Dsquared²
A unique visual signature based on accords, character, and seasonality
The lemon arrives bright and nervy, immediately joined by that bourbon pepper's warm burn—the two create a discordant, almost confrontational opening that commands attention. Within five minutes, the initial citrus begins its retreat whilst the pepper deepens into something more savoury and spiced.
The cedar emerges gradually, dry and architectural, while the resinous notes add a sticky, almost tacky quality that prevents the composition from floating away. The vetiver tethers everything down with a subtle grassiness, and the fragrance settles into its true character: a mineral-green woody composition with surprising depth, though still maintaining that cool distance from the skin.
The base reveals itself as distinctly understated—the cypriol adds earthiness whilst the musk and ambrox become increasingly nebulous, almost abstract.

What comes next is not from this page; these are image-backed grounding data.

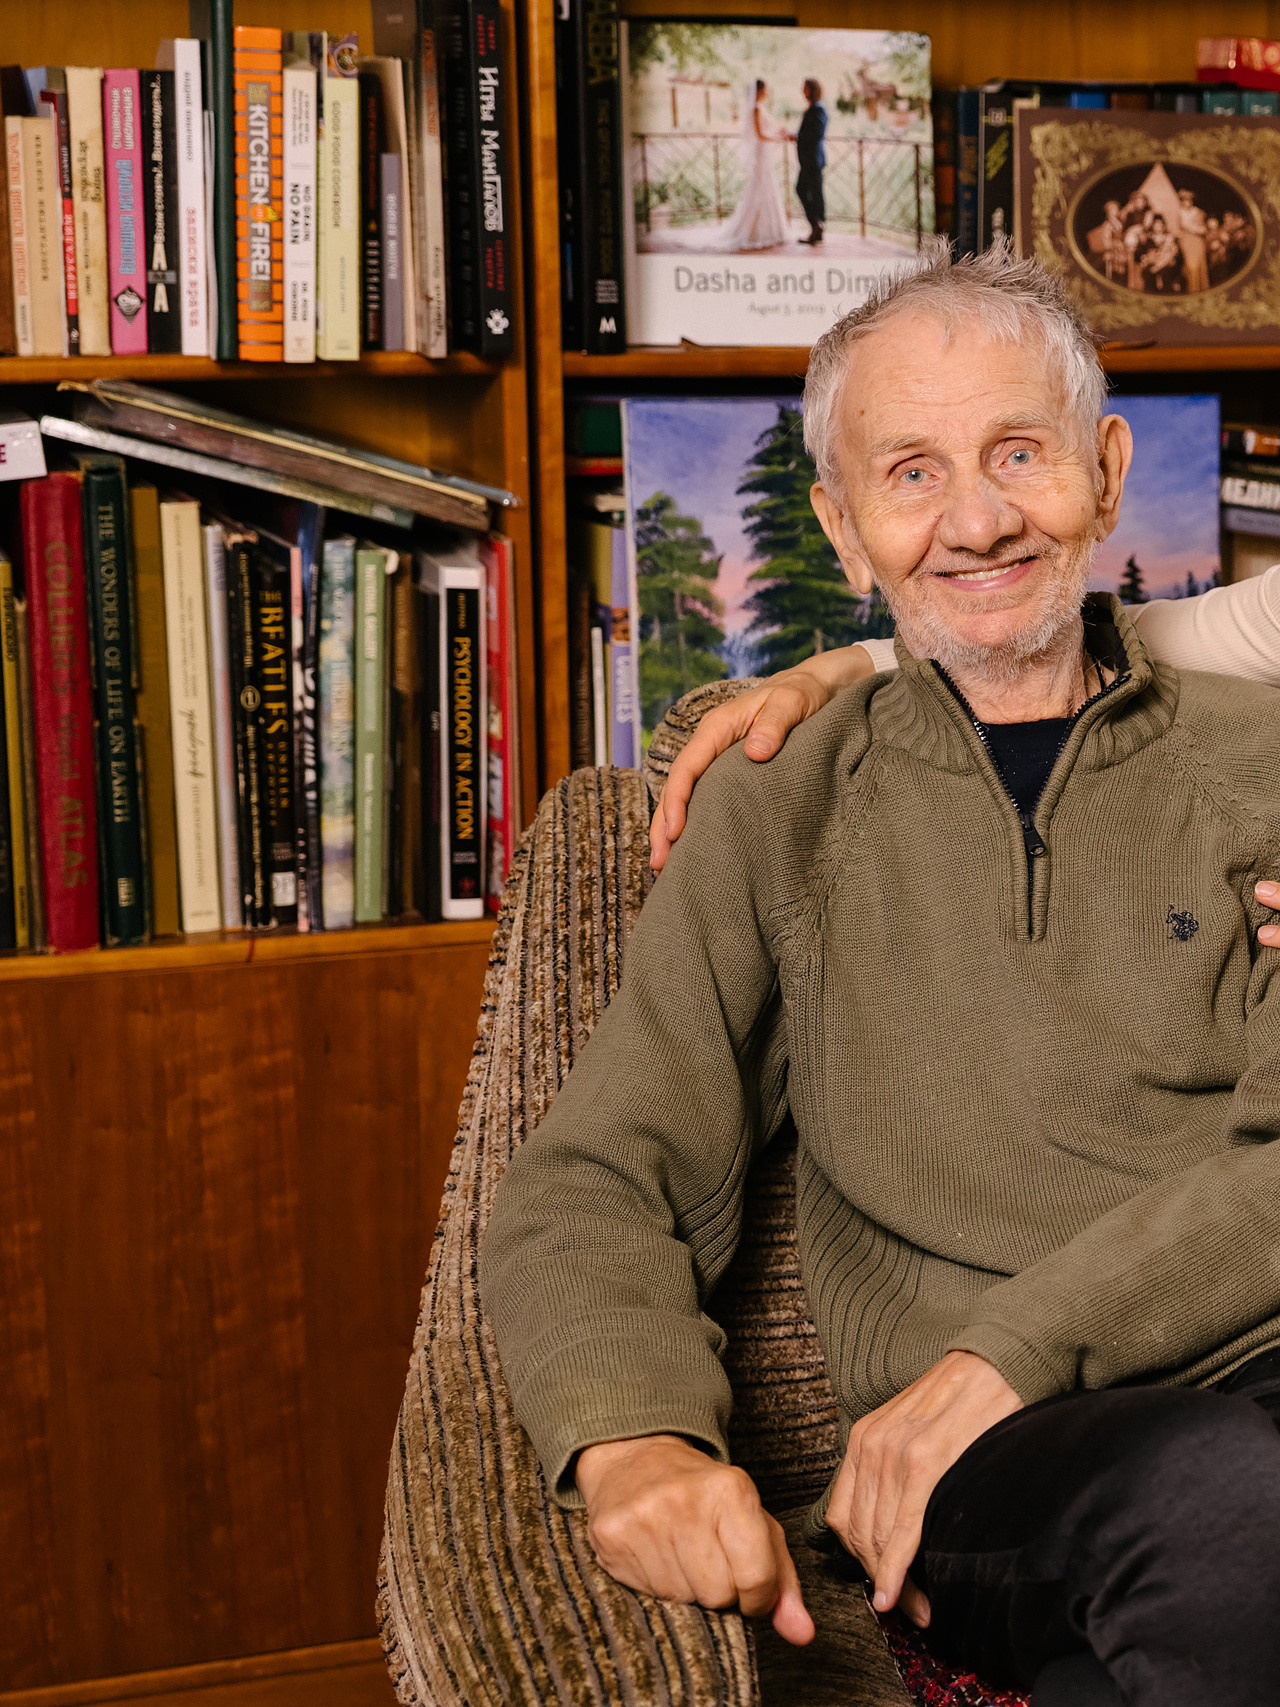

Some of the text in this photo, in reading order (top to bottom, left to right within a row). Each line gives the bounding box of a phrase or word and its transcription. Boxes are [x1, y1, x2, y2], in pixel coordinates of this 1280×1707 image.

[249, 104, 270, 204] KITCHEN
[290, 183, 301, 245] NO PAIN
[302, 184, 312, 242] NO GRAIN
[250, 222, 271, 281] FIRE!
[674, 266, 757, 294] Dasha
[766, 269, 815, 294] and
[98, 502, 131, 822] THE WONDERS OF LIFE ON EARTH
[453, 636, 472, 749] PSYCHOLOGY
[455, 753, 473, 771] IN
[454, 775, 474, 839] ACTION
[59, 795, 88, 888] ATLAS

By the fourth hour, Green Wood has become a skin scent, woody and vaguely mineral, leaving behind something more felt than smelled, a suggestion of dry timber and distant vetiver rather than a declaration.
Green Wood is a study in restrained woody austerity that rejects sweetness in favour of architectural precision. Daphné Bugey has constructed something deliberately unsentimental—a fragrance that smells less like a forest walk and more like the interior of a modernist timber building, all clean grain and mineral dust.
The lemon opening provides brightness, but it's the bourbon pepper that immediately signals this isn't a cheerful citrus affair. That pepper carries an almost medicinal bite, peppery in the way black cardamom is peppery—warming rather than sharp. It sits uneasily alongside the citrus, creating tension rather than harmony. This is the fragrance's most compelling moment: that friction between brightness and spice.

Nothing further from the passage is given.